In Depth

Black Hat SEO, part two: SEOwN3d!!1

As search engine optimizers played fast and loose, a reaction from the search engine companies became inevitable. Now SEOs are forced to choose hats: black or white. (Part two in a series.)

By Scott Berinato

Page 2

But now the search companies were matching the SEOs' aggressiveness. The effect could be devastating. A site that was blacklisted lost its traffic, and therefore its business, overnight. Usually targeted sites clearly violated search terms of service. But some weren't doing anything differently than they'd been doing for months or years. "When people are ranking for a phrase and supporting their family, and then the next day they're off the map, that's really vicious," says Schoemaker. "You can literally ruin someone's life."

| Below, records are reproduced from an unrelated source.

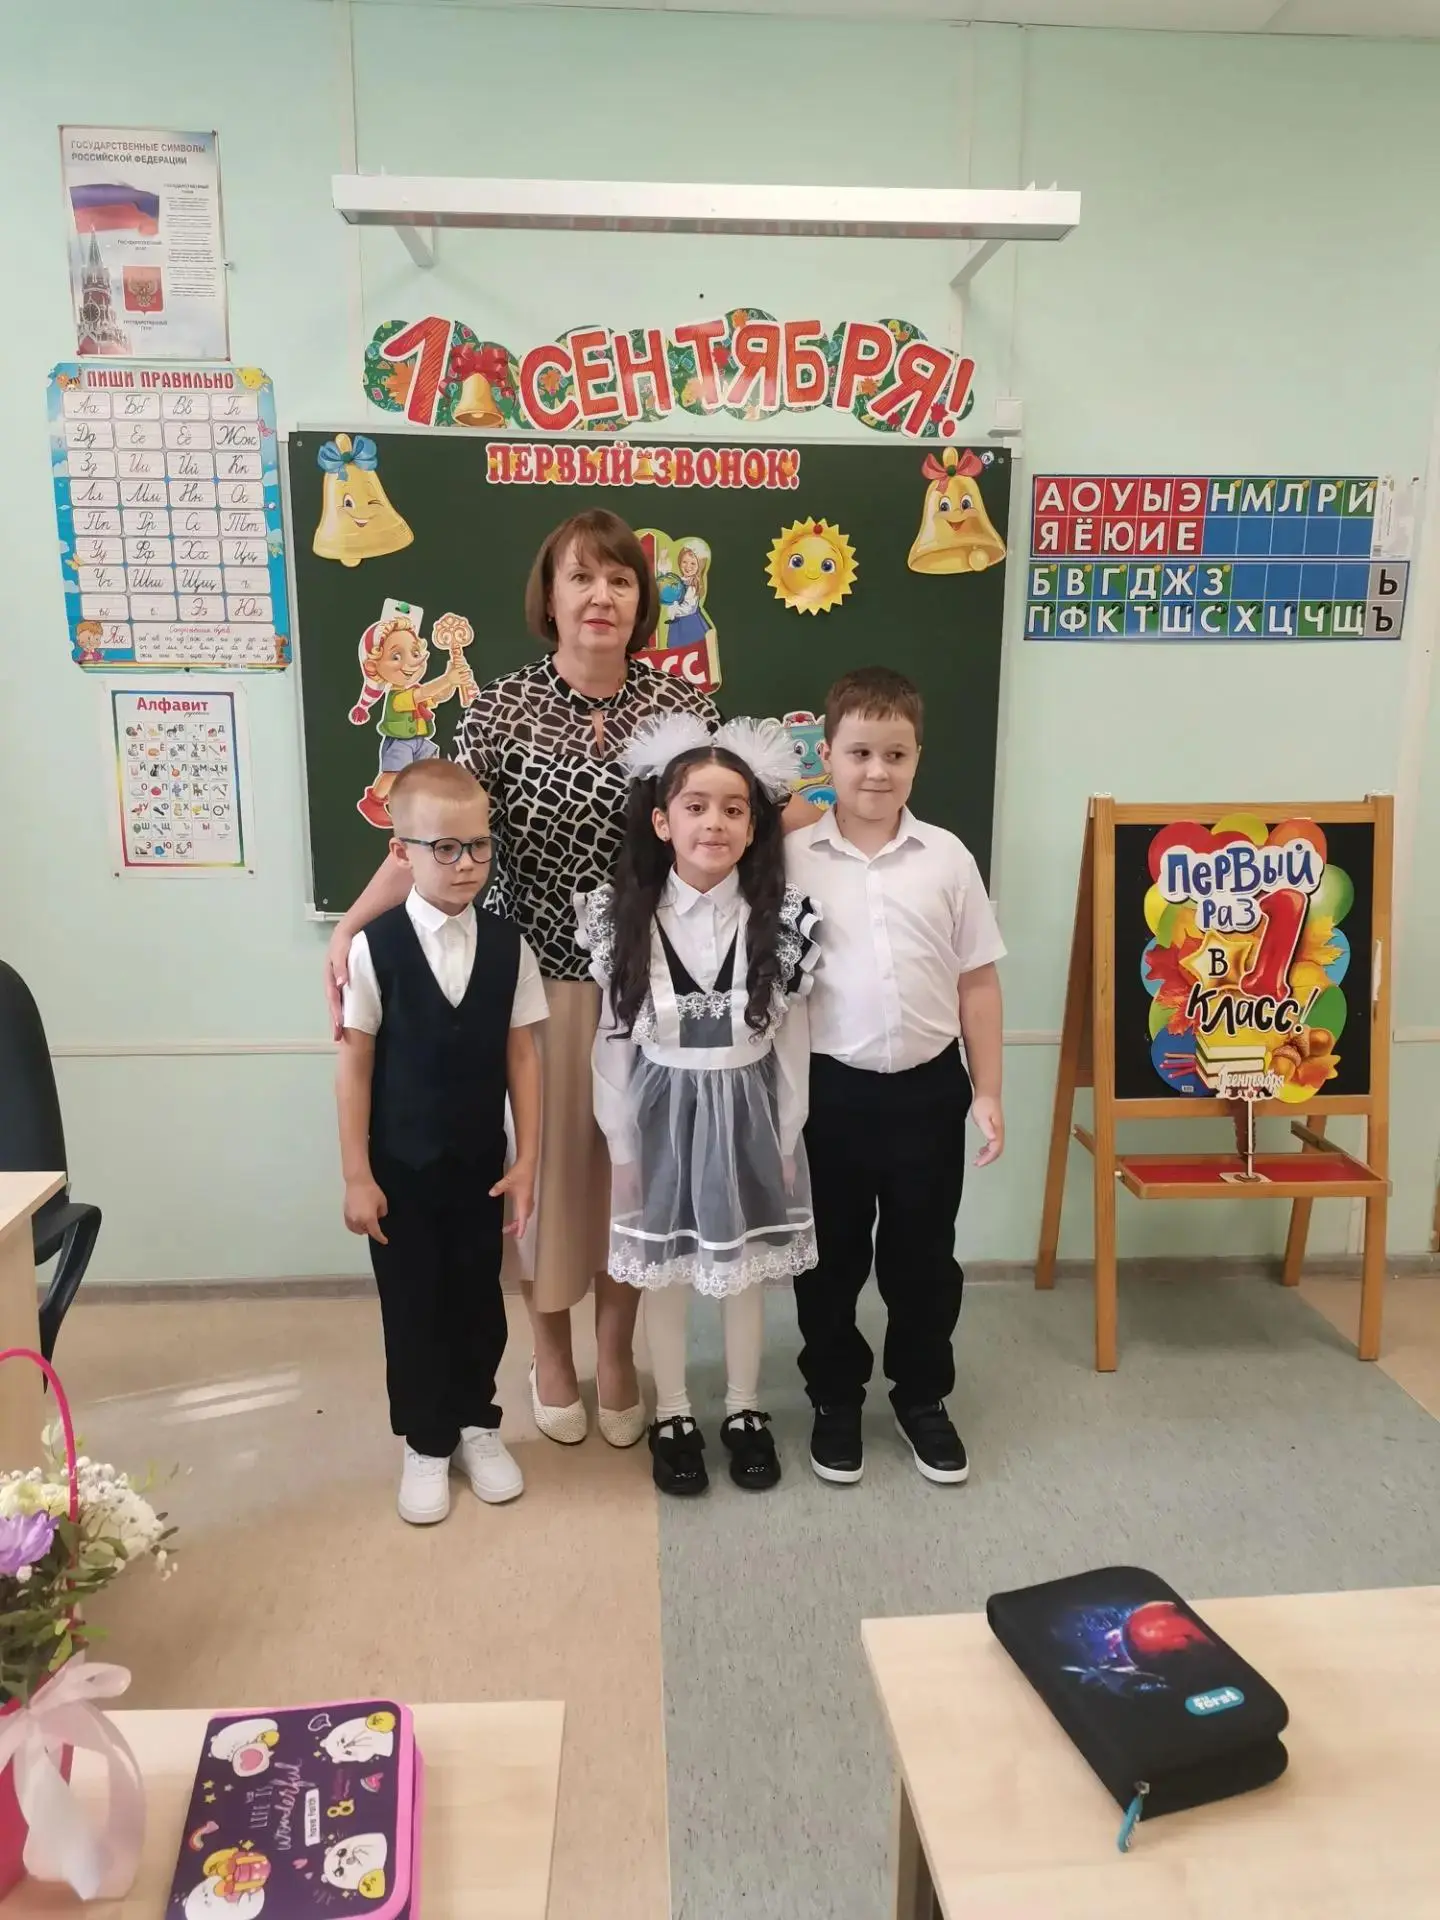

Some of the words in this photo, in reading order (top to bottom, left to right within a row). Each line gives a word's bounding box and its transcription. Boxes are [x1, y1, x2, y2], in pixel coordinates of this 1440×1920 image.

[72, 140, 158, 151] ГОСУДАРСТВЕННЫЕ
[161, 143, 206, 153] СИМВОЛЫ
[72, 152, 132, 162] РОССИЙСКОЙ
[134, 156, 187, 165] ФЕДЕРАЦИИ
[87, 371, 134, 388] ПИШИ
[141, 371, 234, 388] ПРАВИЛЬНО
[519, 318, 975, 437] СЕНТЯБРЯ!
[488, 442, 633, 484] ПЕРВЫЙ
[653, 449, 799, 488] ЗВОНОК!
[1039, 483, 1065, 512] А
[1072, 483, 1101, 512] О
[1110, 482, 1135, 512] У
[1143, 483, 1170, 512] Ы
[1179, 482, 1201, 512] Э
[1211, 483, 1234, 512] Н
[1241, 483, 1272, 512] М
[1278, 483, 1303, 512] Л
[1317, 483, 1336, 513] Р
[1348, 481, 1374, 513] Й
[1039, 521, 1060, 551] Я
[1074, 518, 1092, 551] Ё
[1104, 522, 1135, 552] Ю
[1140, 522, 1165, 552] И
[1177, 522, 1196, 551] Е
[1032, 569, 1051, 596] Б
[1067, 568, 1085, 596] В
[1102, 569, 1121, 596] Г
[1129, 568, 1157, 600] Д
[1163, 568, 1193, 596] Ж
[1203, 568, 1223, 596] З
[1379, 569, 1398, 596] Ь
[1028, 606, 1049, 633] П
[1059, 606, 1088, 633] Ф
[1098, 606, 1119, 633] К
[1134, 606, 1155, 633] Т
[1162, 606, 1192, 633] Ш
[1200, 606, 1221, 634] С
[1234, 606, 1256, 633] Х
[1269, 606, 1293, 635] Ц
[1304, 606, 1324, 633] Ч
[1333, 606, 1364, 636] Щ
[1372, 607, 1394, 632] Ъ
[137, 697, 208, 714] Алфавит
[1240, 888, 1308, 1000] 1
[1187, 984, 1319, 1035] Класс!
[270, 1758, 316, 1850] wonderful
[308, 1819, 317, 1837] have

Of course, Google could make the argument that turnabout is fair play. Perhaps enforcement was brusque and arbitrary, but so is black-hat SEO. Nothing Google was doing was illegal, which was an argument the black-hat SEOs had made for years. Plus, as early as 2006, Matt Cutts, Google's chief liaison to the SEO community, had blogged about the ramp-up in enforcement against overly aggressive SEO.

Even before that, the veteran SEO Eric Ward warned others that eventually the free ride would end. Ward was notorious for his cautious, by-the-book approach to link-building strategies. Some called him "a poser," "arrogant" and "retarded," and bestowed him with the nickname "Linkmoses."

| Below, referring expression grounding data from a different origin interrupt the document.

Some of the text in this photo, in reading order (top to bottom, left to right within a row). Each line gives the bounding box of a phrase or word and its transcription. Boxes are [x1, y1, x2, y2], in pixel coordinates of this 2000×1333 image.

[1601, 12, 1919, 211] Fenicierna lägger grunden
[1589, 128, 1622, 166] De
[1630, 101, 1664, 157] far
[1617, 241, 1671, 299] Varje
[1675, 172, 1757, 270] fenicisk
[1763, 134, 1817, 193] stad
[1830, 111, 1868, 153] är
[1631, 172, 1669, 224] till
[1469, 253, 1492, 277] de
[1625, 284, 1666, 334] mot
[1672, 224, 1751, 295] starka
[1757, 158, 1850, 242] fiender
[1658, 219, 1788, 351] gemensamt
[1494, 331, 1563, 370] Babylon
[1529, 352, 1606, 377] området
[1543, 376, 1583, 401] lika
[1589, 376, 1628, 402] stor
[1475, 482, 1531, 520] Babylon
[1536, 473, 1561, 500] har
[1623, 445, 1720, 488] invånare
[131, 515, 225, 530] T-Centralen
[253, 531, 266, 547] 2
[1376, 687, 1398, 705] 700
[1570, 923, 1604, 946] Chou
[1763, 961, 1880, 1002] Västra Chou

"I understand why [the search engines] are doing it, but their enforcement has become a little heavy-handed," says SEO Michael Gray. Says Aaron Wall, another SEO: "Google went on a crusade."

The Aftermath of the Crusade

As frustrating as delisting was for companies suddenly punished by SEO enforcement, getting relisted proved to be a much worse problem. SEOs and site owners found themselves stuck with little communication from the search companies about what they had done wrong or how to fix it to get back in the good graces of the algorithms. Schoemaker himself lost the top spot for ring-tone searches.

"I was making thousands of dollars a day, and then one day I was out of Google," he says. "I inquired why and never really got an answer. They said it was normal search engine fluctuation"--fluctuation, he notes, that also can be caused by black-hat SEOs. "I probably got gamed out," he suggests. He currently ranks about tenth in ring tones.

Google also partnered with Stopbadware.org to blacklist sites that were potentially infected with malware. Last September, a Web-hosting company in Thailand was hacked and several sites that used the host were flagged on Google, so that if users clicked on a link to the site, an intermediate screen popped up warning them that the site they were about to visit was potentially infected.